According to the White Paper, the core issue for any future legislation is the scope of its application: the assumption is that any legislation would apply to products and services “relying on AI.” Furthermore, the EC identifies “data” and “algorithms” as AI’s main constituent elements, but also stresses that the definition of AI in a regulatory context must be sufficiently flexible to provide legal certainty, while also allowing for the legislation to adapt to technical progress.

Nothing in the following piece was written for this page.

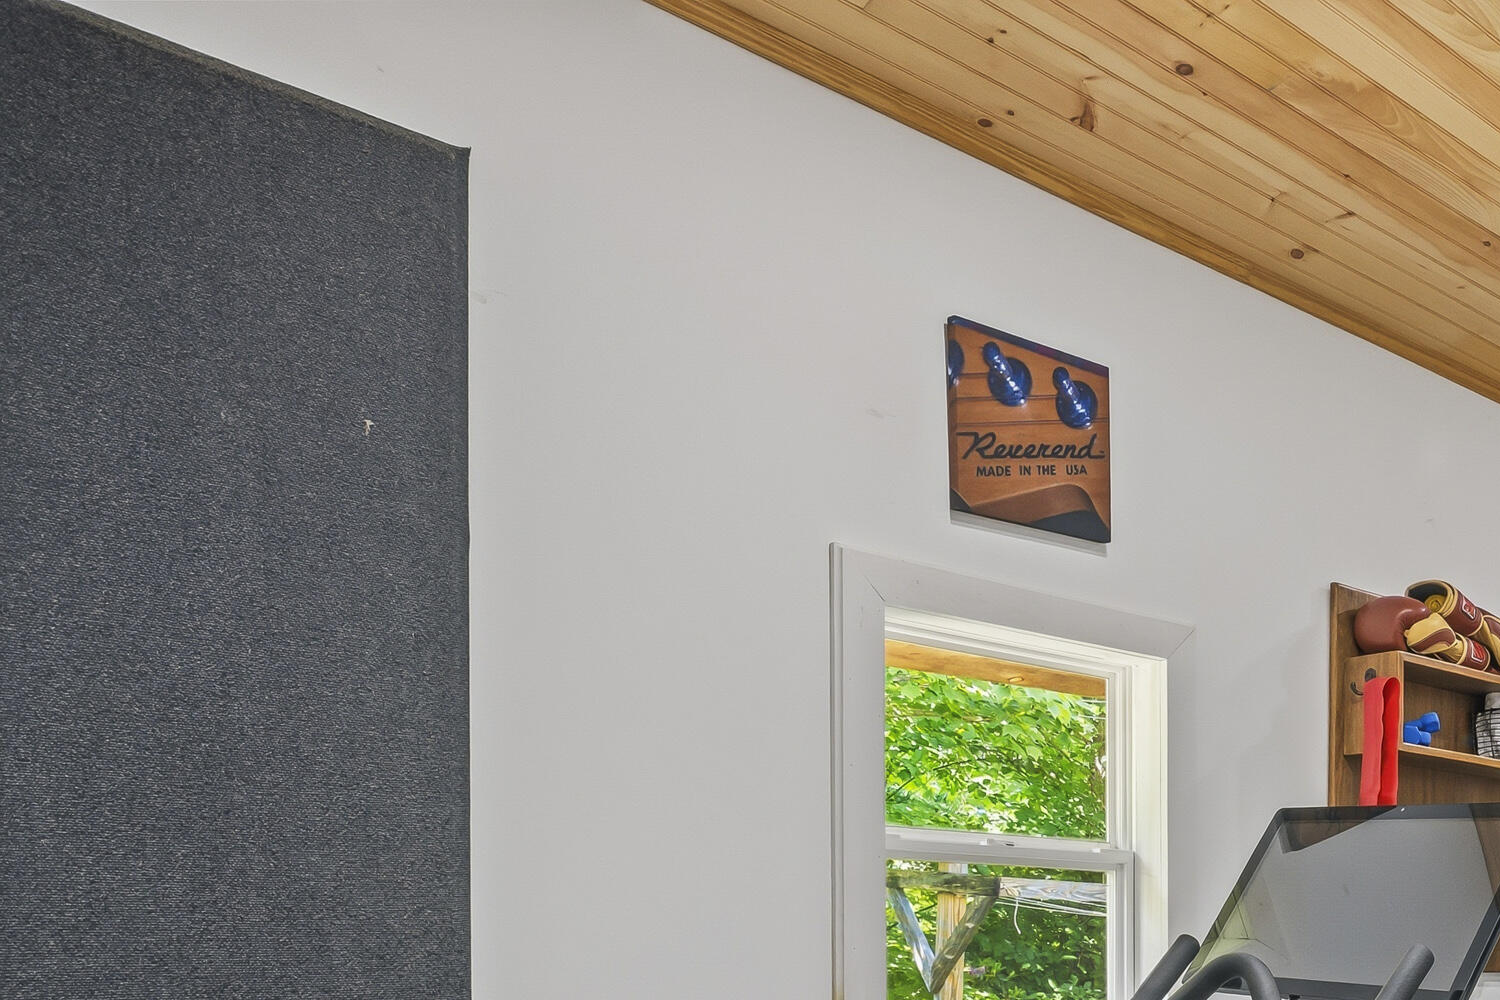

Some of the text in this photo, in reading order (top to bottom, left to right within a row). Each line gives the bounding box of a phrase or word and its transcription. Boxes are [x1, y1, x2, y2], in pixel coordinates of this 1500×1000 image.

[956, 432, 1105, 460] Reverend
[976, 464, 1087, 477] MADE IN THE USA

In terms of substantive regulation, the EC favors a context-specific, risk-based approach—instead of a GDPR “one size fits all” approach. An AI product or service will be considered “high-risk” when two cumulative criteria are fulfilled:

  1. Critical Sector: The AI product or service is employed in a sector where significant risks can be expected to occur. Those sectors should be specifically and exhaustively listed in the legislation; for instance, healthcare, transport, energy and parts of the public sector, such as the police and the legal system.
  2. Critical Use: The AI product or service is used in such a manner that significant risks are likely to arise. The assessment of the level of risk of a given use can be based on the impact on the affected parties; for instance, where the use of AI produces legal effects, leads to a risk of injury, death or significant damage.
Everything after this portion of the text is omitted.